|Source||CMES: Computer Modeling in Engineering & Sciences, Vol. 96, No. 2, pp. 91-101, 2013|
|Download||Full length paper in PDF format. Size =224,100 bytes|
|Keywords||Vortex Flows, Contour Dynamics, Filamentation.|
A vortex patch is a bounded region of uniform vorticity in twodimensional, incompressible, inviscid fluid flow. The streamfunction satisfies the Poisson equation with the vorticity acting as a source term. The standard formulation is to write the streamfunction as a convolution of the vorticity with the twodimensional free-space Greens function. A simple application of Greens theorem converts the area integral to a boundary integral.
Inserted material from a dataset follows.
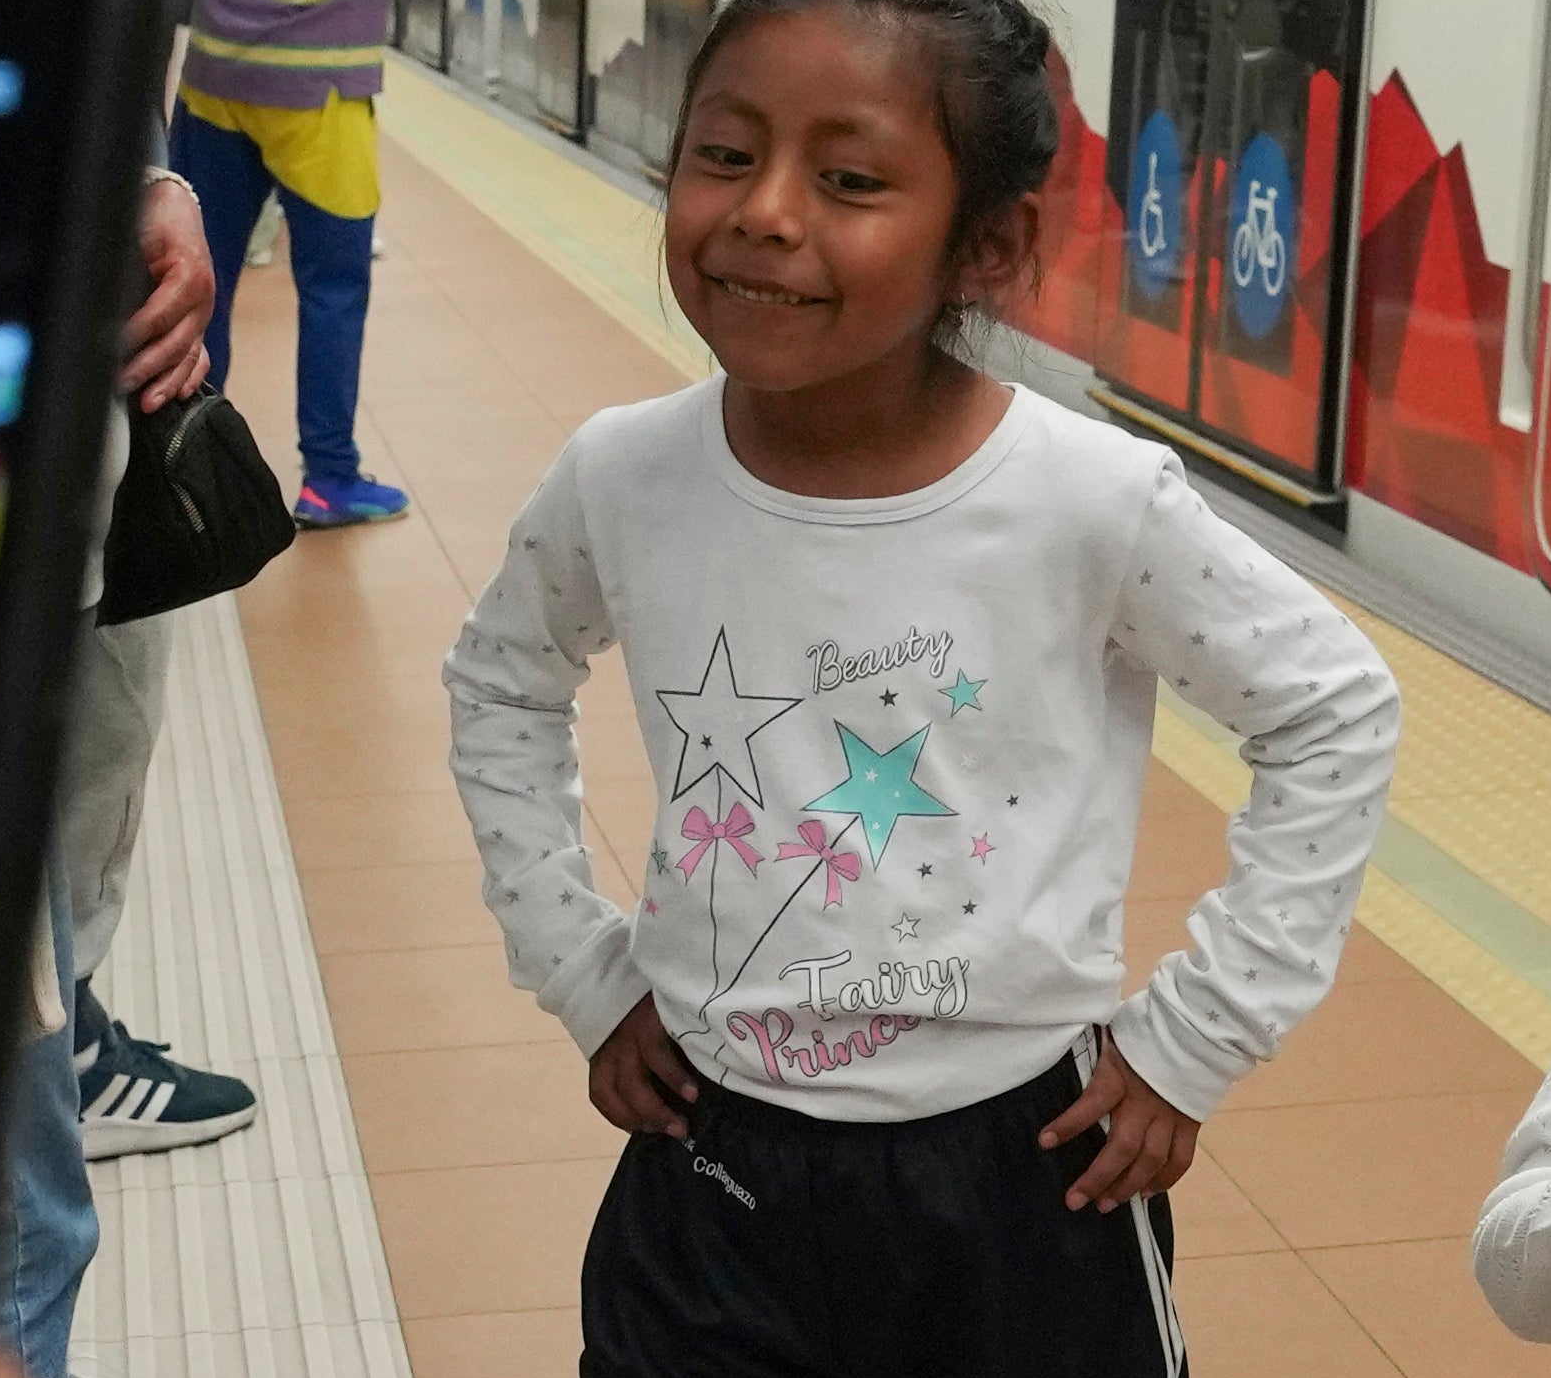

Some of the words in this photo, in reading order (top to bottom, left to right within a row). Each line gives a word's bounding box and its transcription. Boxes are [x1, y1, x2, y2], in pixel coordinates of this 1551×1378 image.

[806, 625, 953, 694] Beauty
[778, 949, 970, 1020] Fairy
[726, 1007, 921, 1084] Princ
[693, 1156, 756, 1210] Collaguazo
Numerical methods must then account for the singular nature of the boundary integral, and high accuracy is difficult when filamentation takes place, that is, when long, very thin filaments of vorticity erupt from the main boundary. A new boundary integral is derived based on a different viewpoint. A particular solution is readily known which represents solid body rotation. To the particular solution must be added a homogeneous solution, and the combination must satisfy the boundary conditions. A standard boundary integral can be used to solve the Laplace equation with Dirichlet boundary conditions. This approach leads to a boundary integral without singularity and easily approximated by the trapezoidal rule that ensures spectral accuracy. Results indicate that high accuracy is possible with even modest resolution. The method is used to explore the mathematical properties of filamentation.